Sachkundige Mitglieder des Vereins betreuen die Kinder ehrenamtlich und gehen mit an Bord. (Bild: privat)

Köln – Der 1. Mai bedeutet für die meisten Segler: Leinen los und ansegeln. Der erste Törn zum Saisonanfang verspricht frische Luft um die Nase und das Gefühl von Freiheit. Für den Verein „Segeln für Behinderte“ (SFBEH) verspricht der Stichtag jedoch in diesem Jahr allenfalls einen Notbetrieb. Statt sich ausschließlich ihren eigentlichen ehrenamtlichen Aufgaben zu widmen, beschäftigen sich die Wassersportler des gemeinnützigen integrativen Vereins derzeit mehr mit Bauanträgen, Kostenvoranschlägen und Fristen von Förderanträgen – unfreiwillig.
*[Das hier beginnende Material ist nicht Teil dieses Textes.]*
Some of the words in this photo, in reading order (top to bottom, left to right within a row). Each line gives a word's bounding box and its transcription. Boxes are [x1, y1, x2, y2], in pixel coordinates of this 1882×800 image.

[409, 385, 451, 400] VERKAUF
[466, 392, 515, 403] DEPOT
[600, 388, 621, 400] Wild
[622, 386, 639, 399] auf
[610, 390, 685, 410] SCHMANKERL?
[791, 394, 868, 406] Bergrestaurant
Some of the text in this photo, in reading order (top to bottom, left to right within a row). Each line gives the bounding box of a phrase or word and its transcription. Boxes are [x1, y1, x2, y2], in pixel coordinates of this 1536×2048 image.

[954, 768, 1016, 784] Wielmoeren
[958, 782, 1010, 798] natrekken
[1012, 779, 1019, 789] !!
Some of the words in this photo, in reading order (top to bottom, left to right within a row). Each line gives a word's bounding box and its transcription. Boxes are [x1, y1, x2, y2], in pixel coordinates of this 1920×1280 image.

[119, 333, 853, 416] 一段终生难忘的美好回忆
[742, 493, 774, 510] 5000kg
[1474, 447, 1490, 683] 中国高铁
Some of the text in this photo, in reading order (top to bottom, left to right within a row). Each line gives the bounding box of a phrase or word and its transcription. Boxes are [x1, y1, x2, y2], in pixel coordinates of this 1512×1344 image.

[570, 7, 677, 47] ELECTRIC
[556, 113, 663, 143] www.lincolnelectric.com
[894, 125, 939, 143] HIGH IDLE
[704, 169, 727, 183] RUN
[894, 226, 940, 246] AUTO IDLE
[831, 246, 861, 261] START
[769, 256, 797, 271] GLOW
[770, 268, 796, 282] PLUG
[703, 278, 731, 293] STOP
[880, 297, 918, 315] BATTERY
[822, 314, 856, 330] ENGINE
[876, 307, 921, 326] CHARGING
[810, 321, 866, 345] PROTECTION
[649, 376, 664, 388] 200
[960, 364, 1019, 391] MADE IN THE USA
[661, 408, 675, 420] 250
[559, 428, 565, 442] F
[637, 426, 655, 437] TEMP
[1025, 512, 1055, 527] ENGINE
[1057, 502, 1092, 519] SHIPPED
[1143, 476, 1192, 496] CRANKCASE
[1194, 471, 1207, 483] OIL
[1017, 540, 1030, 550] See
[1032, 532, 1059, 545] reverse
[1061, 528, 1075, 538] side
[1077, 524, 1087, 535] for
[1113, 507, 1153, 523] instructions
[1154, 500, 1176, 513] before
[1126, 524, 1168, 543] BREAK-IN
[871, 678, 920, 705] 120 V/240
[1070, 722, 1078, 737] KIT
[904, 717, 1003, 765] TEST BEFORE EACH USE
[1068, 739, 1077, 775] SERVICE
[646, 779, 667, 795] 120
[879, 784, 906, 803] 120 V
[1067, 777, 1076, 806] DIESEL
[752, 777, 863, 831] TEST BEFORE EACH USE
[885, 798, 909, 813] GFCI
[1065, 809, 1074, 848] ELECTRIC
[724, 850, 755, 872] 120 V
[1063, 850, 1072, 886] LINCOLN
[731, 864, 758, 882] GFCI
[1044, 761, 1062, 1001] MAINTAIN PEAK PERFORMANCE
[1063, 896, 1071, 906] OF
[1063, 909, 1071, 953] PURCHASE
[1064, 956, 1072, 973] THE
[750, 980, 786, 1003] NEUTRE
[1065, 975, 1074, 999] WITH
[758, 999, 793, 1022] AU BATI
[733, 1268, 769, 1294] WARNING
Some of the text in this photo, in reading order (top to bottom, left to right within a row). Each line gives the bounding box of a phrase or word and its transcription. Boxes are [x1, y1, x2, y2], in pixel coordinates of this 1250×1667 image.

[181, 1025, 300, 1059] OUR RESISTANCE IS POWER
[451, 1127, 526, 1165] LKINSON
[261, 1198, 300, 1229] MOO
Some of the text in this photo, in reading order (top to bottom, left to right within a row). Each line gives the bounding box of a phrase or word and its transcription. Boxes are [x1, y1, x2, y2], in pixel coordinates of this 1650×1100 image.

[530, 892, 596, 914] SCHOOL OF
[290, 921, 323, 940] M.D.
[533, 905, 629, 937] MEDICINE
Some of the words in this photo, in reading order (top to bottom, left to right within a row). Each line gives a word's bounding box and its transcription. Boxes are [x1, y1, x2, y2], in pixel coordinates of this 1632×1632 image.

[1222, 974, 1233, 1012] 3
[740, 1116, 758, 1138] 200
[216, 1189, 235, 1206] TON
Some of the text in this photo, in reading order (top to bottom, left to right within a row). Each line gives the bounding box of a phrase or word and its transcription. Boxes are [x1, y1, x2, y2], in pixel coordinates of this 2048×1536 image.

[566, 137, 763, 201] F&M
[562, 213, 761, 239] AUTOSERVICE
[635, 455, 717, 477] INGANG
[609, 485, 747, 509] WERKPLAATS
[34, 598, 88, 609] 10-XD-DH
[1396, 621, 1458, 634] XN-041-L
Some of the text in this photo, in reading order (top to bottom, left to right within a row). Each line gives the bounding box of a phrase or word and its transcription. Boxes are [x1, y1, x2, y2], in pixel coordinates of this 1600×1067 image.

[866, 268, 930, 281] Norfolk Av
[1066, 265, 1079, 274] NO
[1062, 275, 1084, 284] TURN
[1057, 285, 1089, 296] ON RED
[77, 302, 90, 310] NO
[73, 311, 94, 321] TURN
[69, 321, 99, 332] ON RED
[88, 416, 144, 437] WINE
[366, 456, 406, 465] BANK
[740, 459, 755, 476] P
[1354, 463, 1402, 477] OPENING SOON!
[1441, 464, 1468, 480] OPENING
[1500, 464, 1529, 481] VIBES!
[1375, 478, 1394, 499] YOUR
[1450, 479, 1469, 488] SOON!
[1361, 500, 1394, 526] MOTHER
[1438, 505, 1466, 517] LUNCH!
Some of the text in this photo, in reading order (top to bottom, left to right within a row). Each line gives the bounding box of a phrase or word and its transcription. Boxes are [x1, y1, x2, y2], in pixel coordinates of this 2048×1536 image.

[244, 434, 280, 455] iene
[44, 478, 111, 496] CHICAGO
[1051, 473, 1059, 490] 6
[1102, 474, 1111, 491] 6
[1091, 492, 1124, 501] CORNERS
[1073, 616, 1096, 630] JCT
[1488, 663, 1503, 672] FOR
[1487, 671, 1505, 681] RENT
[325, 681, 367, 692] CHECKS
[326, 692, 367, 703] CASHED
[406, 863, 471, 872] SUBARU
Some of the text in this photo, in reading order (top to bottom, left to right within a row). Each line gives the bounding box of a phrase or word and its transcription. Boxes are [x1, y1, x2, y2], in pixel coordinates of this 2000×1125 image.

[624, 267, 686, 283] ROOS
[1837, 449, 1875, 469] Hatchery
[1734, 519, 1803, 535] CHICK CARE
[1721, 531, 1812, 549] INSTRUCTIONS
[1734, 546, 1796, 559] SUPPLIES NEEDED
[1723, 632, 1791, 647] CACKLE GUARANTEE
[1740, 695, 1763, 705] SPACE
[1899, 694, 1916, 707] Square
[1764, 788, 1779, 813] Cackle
Der Grund: Die Stadt Zülpich ist Gastgeber der Landesgartenschau 2014. Dort, wo die Segler mit und ohne Behinderung bislang barrierefrei in die Boote können, soll die Seepromenade entstehen – mit Seebühne und Schwimmbad. Der Verein muss weichen und steht nun vor einem Bauprojekt, das die Laien in diesem Ausmaß eiskalt überrascht hat. „Da sind Dinge auf uns zugekommen, die wir vorher nie bedenken konnten“, so der Vorsitzende Helmut Gröger – finanziell, aber auch bürokratisch.

Kosten für Rodungen, Erdarbeiten, Holzplattform, Wasser- und Stromarbeiten, neue Wege und einen behindertengerechten Sanitärcontainer belaufen sich auf etwas mehr als 67 000 Euro. Die Unsicherheit, die damit verbunden ist, macht den Laien am meisten zu schaffen. Gröger: „Wir können überhaupt nichts kalkulieren.“Das Sportamt der Stadt Köln will sich eventuell beteiligen, so Gröger, benötige für die Prüfung aber nicht weniger als drei Kostenvoranschläge. Die Stadt Zülpich kann sich aufgrund ihres Nothaushalts mit nicht mehr als 7500 Euro beteiligen.

Andere Zuschüsse für einen einzelnen Verein wie den Kölner seien mit den Förderrichtlinien des Landes für die Gartenschau unvereinbar. Millionen würden damit laut Laga-Geschäftsführer Christoph Hartmann aufs Spiel gesetzt. Der Verein selbst hatte nur 2500 Euro auf der „hohen Kante“. Und auch nach Monaten der Sponsorensuche fehlen ihm immer noch 33 000.

Der Kölner Verein hat seit seiner Gründung 1984 sein Segelrevier an dem Wassersportsee und zählt 180 Mitglieder, jedes dritte ist behindert. Für viele Schulen mit behinderten Kindern wie die Anna-Freud-Schule am Alten Militärring in Köln-Müngersdorf ist er unverzichtbarer Partner.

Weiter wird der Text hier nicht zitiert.